Auffällig an diesem Initiativantrag ist, was er nicht enthält: die - wesentlich dringendere - Neufassung des § 30 Abs 1 Z 2 ORF-Gesetz, um klarzustellen, wie die vom Publkumsrat in den Stiftungsrat zu entsendenden Mitglieder auszuwählen sind. Die Bedeutung des Publikumsrats an sich ist überschaubar, machtpolitisch einzig entscheidende Kompetenz ist ja die Entsendung von 6 Stiftungsratsmitgliedern.

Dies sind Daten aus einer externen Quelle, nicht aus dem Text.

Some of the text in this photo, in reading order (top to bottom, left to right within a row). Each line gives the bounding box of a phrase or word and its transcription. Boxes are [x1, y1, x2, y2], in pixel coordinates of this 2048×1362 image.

Da bei der letzten Direktwahl von Publikumsräten die Mobilisierungskraft von ÖVP-nahen Einrichtungen - anders als die beiden Male davor - stärker war als die von SPÖ-nahen Einrichtungen, sind aktuell zwei der drei Stiftungsräte, die vom Publikumsrat aufgrund der Direktwahl (nach § 30 Abs 1 Z 2 ORF-G) entsendet wurden, selbstverständlich genauso unabhängig wie alle anderen, aber halt doch dem konservativen Lager zuzurechnen. Das könnte sich ändern, wenn der Publikumsrat frei mit Mehrheitsbeschluss aus seiner Mitte jene Mitglieder auswählen könnte, die er in den Stiftungsrat entsendet.

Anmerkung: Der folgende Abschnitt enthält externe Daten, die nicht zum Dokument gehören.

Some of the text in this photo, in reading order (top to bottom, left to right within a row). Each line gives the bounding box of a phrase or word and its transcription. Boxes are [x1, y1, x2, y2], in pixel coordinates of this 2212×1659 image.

Dass nun die nach dem VfGH-Erkenntnis notwendig gewordene Neuregelung über die Entsendung von Publikumsratsmitgliedern in den Stiftungsrat nicht im Initiativantrag enthalten ist, deutet darauf hin, dass zwischen den Koalitionsparteien noch keine Einigung darüber erzielt wurde (der Initiativantrag musste aber aufgrund des parlamentarischen Fahrplans schon eingebracht werden, wenn man ein Inkrafttreten mit 1. März noch ermöglichen will). Man kann also gespannt sein, ob es eine rechtzeitige Einigung in der Koalition gibt und die "Trägerrakete" damit zündet - und auch, ob sie noch zusätzlichen Ballast aufnehmen wird.
Update 02.04.2014: Der Nationalrat hat mittlerweile die Novelle beschlossen und in letzter Minute im Plenum zumindest noch die minimalst notwendigen Anpassung in § 30 Abs 1 Z 2 ORF-G vorgenommen. Das Gesetz soll - nach Zustimmung des Bundesrats - am 15. April 2014 in Kraft treten (Übersichtsseite auf der Parlaments-Website).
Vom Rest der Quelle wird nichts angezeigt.